## RECORDED INFORMATION

————

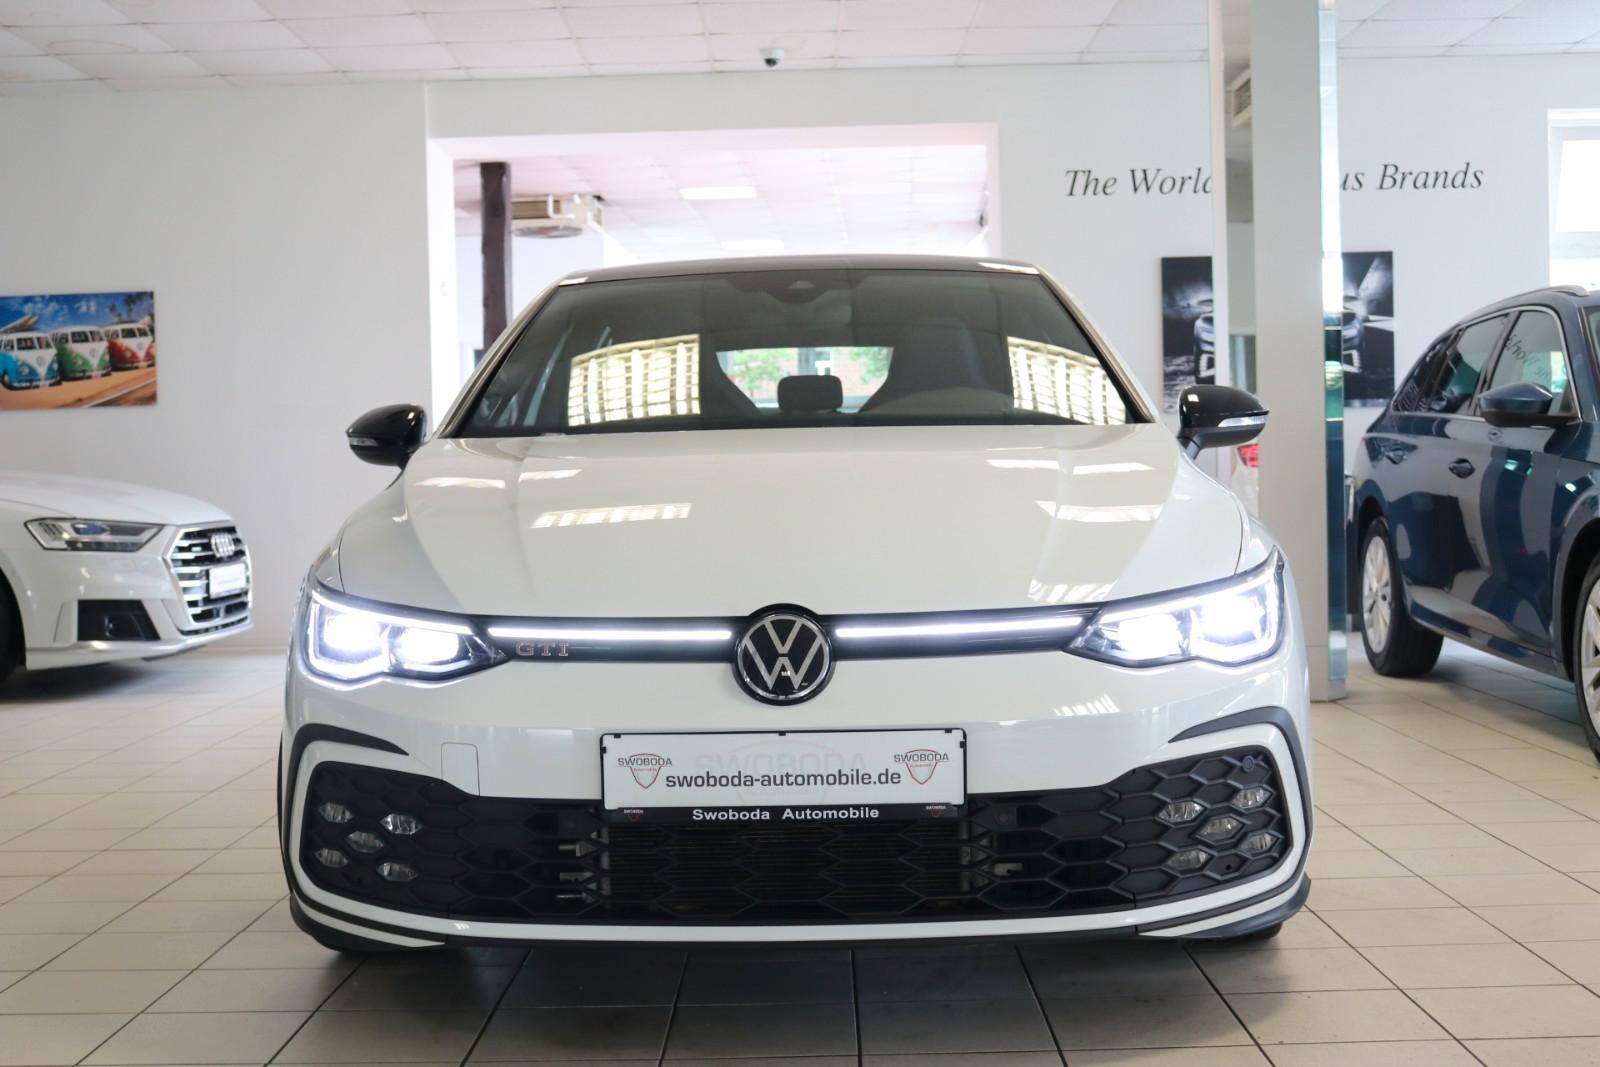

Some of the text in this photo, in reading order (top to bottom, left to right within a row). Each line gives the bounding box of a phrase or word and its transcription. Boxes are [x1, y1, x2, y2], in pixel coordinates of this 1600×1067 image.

[1064, 168, 1118, 197] The
[1376, 161, 1485, 191] Brands
[514, 639, 570, 657] GTI
[617, 757, 673, 767] SWOBODA
[893, 752, 950, 763] SWOBODA
[665, 767, 902, 788] swoboda-automobile.de
[692, 806, 880, 821] Swoboda Automobile
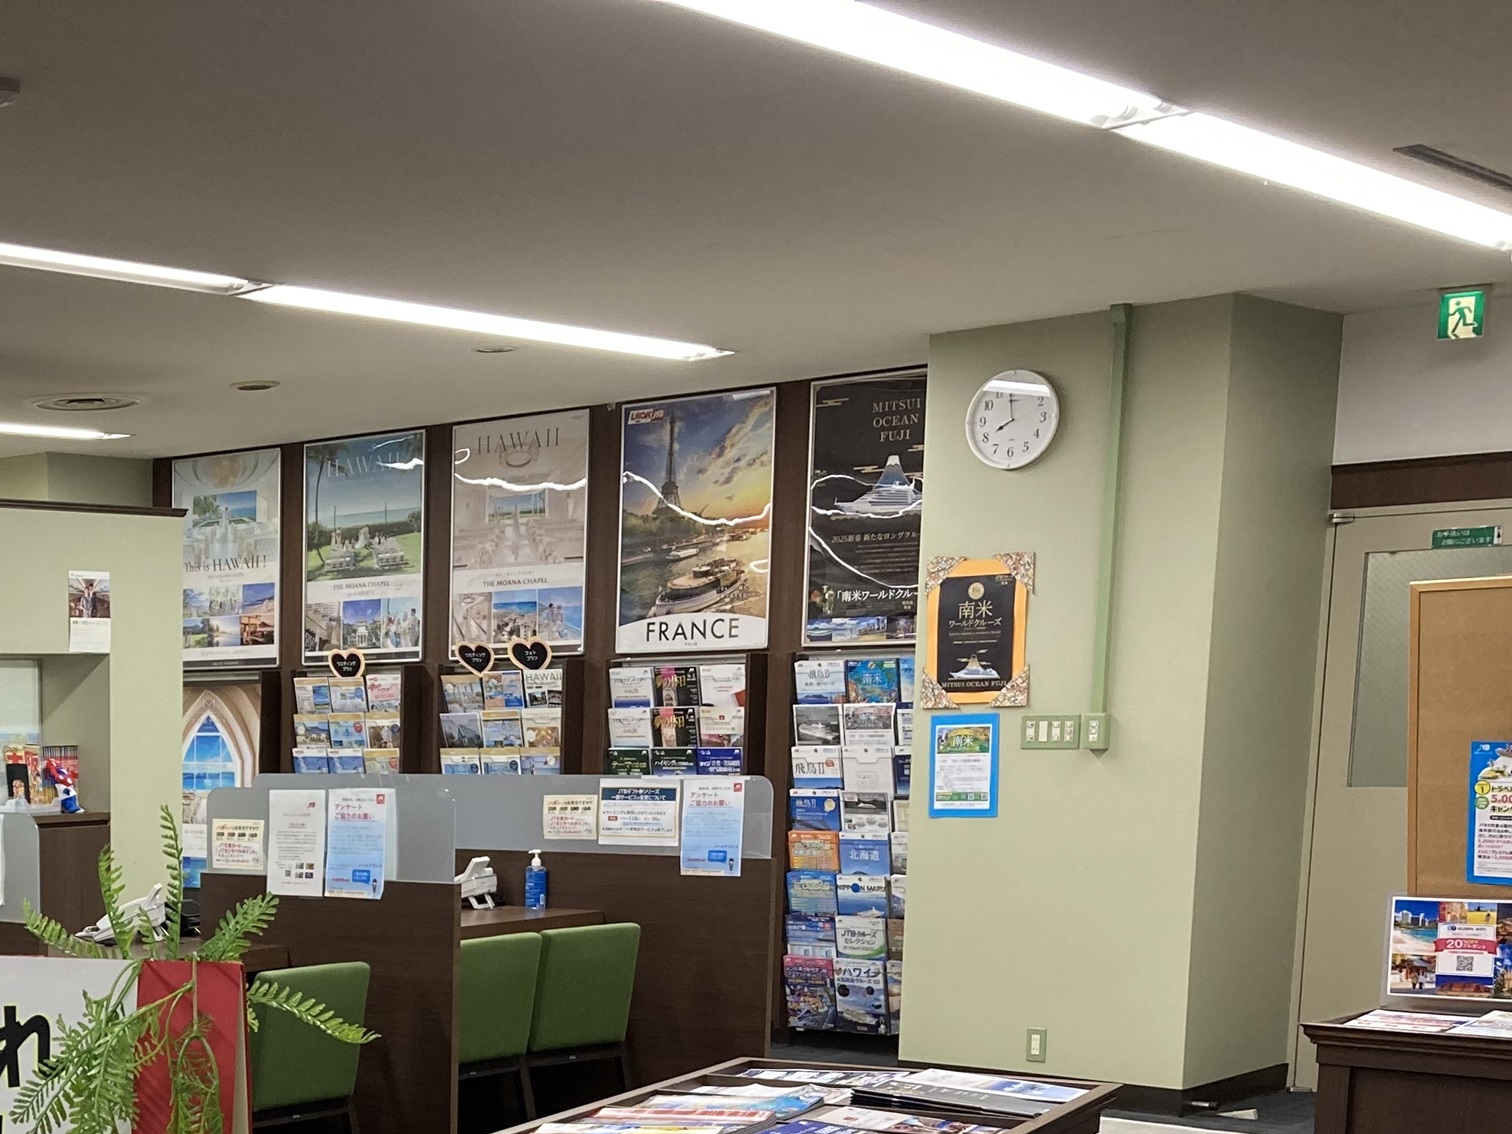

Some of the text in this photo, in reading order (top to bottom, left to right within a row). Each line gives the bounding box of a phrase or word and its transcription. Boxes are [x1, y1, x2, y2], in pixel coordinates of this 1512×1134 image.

[872, 398, 921, 413] MITSUI
[984, 400, 993, 411] 10
[1037, 396, 1044, 406] 2
[873, 414, 919, 428] OCEAN
[980, 416, 986, 427] 9
[1039, 412, 1047, 422] 3
[880, 432, 910, 442] FUJI
[982, 432, 989, 443] 8
[1033, 428, 1039, 438] 4
[477, 427, 560, 455] HAWAII
[992, 444, 999, 454] 7
[1007, 447, 1013, 457] 6
[1022, 442, 1029, 453] 5
[203, 562, 210, 571] is
[523, 577, 548, 585] CHAPEL
[959, 600, 993, 619] 南米
[949, 617, 1002, 628] ワールドクルーズ
[646, 618, 740, 642] FRANCE
[655, 674, 686, 688] 夢の休日
[862, 673, 883, 684] 南米
[654, 715, 685, 729] 夢の休日
[953, 736, 973, 747] 南米
[334, 812, 374, 820] ご協力のお願い
[849, 851, 880, 861] 北海道
[841, 930, 876, 938] JTBクルーズ
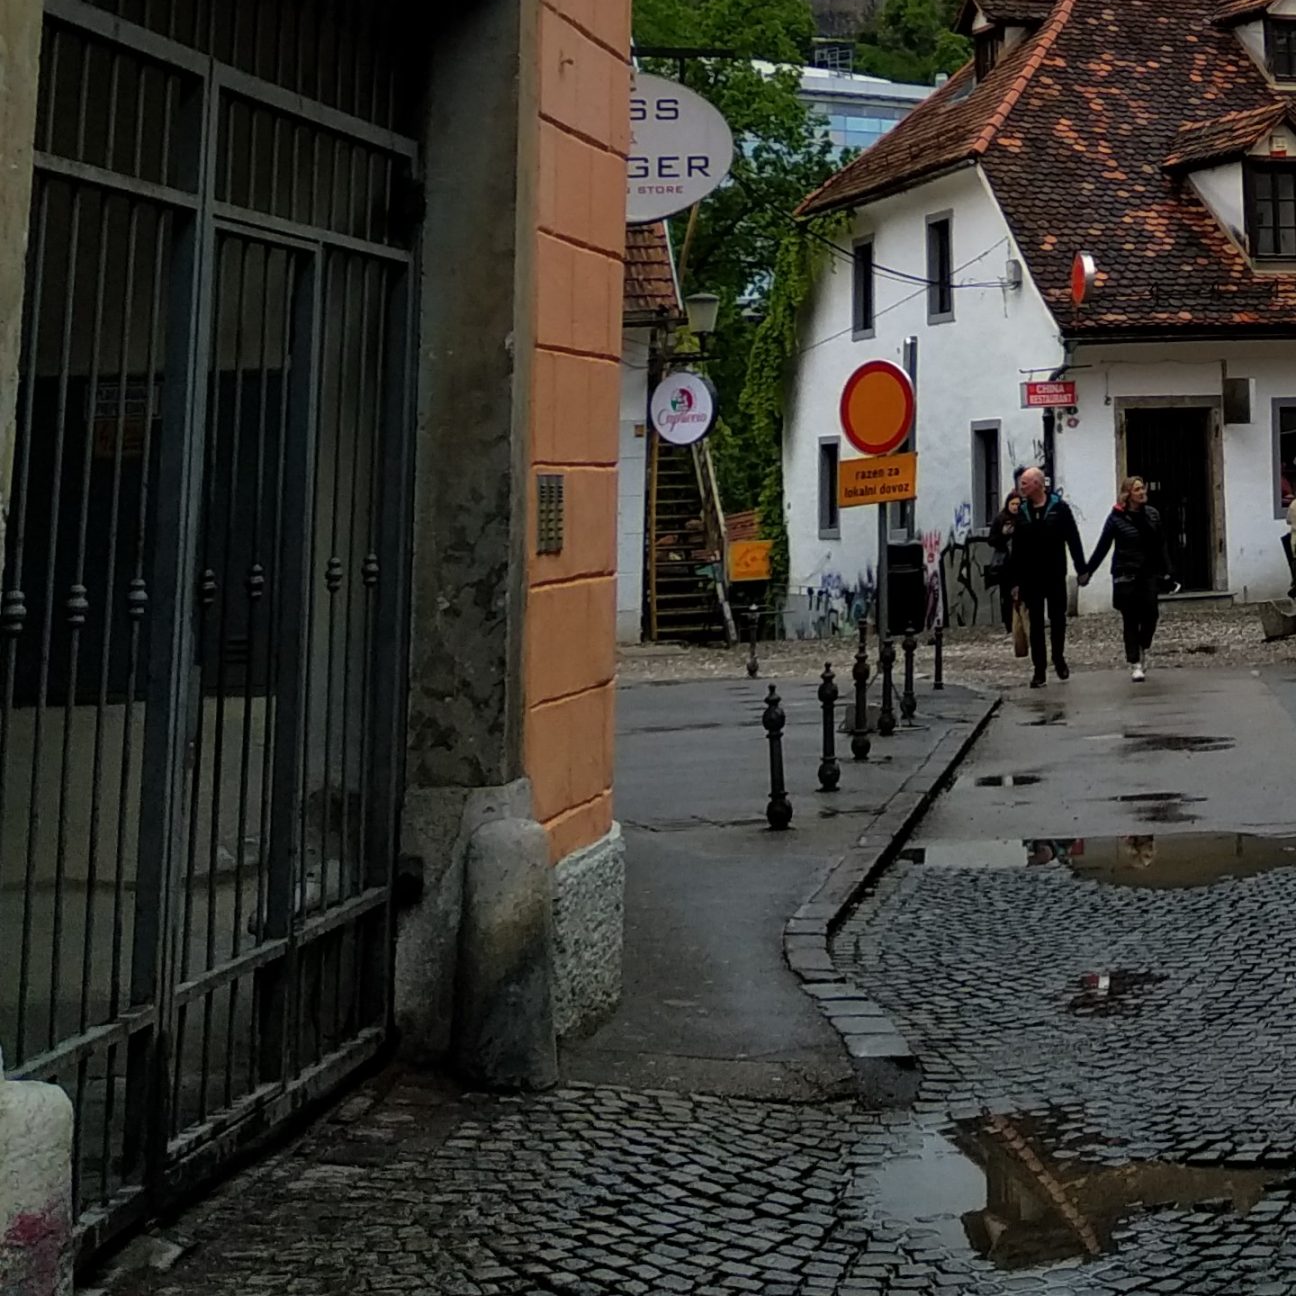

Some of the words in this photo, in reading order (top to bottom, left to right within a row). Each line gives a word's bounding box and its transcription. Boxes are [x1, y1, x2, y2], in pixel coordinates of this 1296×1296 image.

————

Down to the final line, restate the material above word for word, but omit its pictures.

Some of the text in this photo, in reading order (top to bottom, left to right within a row). Each line gives the bounding box of a phrase or word and its transcription. Boxes are [x1, y1, x2, y2], in pixel coordinates of this 1600×1067 image.

[1064, 168, 1118, 197] The
[1376, 161, 1485, 191] Brands
[514, 639, 570, 657] GTI
[617, 757, 673, 767] SWOBODA
[893, 752, 950, 763] SWOBODA
[665, 767, 902, 788] swoboda-automobile.de
[692, 806, 880, 821] Swoboda Automobile

Some of the text in this photo, in reading order (top to bottom, left to right within a row). Each line gives the bounding box of a phrase or word and its transcription. Boxes are [x1, y1, x2, y2], in pixel coordinates of this 1512×1134 image.

[872, 398, 921, 413] MITSUI
[984, 400, 993, 411] 10
[1037, 396, 1044, 406] 2
[873, 414, 919, 428] OCEAN
[980, 416, 986, 427] 9
[1039, 412, 1047, 422] 3
[880, 432, 910, 442] FUJI
[982, 432, 989, 443] 8
[1033, 428, 1039, 438] 4
[477, 427, 560, 455] HAWAII
[992, 444, 999, 454] 7
[1007, 447, 1013, 457] 6
[1022, 442, 1029, 453] 5
[203, 562, 210, 571] is
[523, 577, 548, 585] CHAPEL
[959, 600, 993, 619] 南米
[949, 617, 1002, 628] ワールドクルーズ
[646, 618, 740, 642] FRANCE
[655, 674, 686, 688] 夢の休日
[862, 673, 883, 684] 南米
[654, 715, 685, 729] 夢の休日
[953, 736, 973, 747] 南米
[334, 812, 374, 820] ご協力のお願い
[849, 851, 880, 861] 北海道
[841, 930, 876, 938] JTBクルーズ

Some of the words in this photo, in reading order (top to bottom, left to right within a row). Each line gives a word's bounding box and its transcription. Boxes are [x1, y1, x2, y2], in pixel coordinates of this 1296×1296 image.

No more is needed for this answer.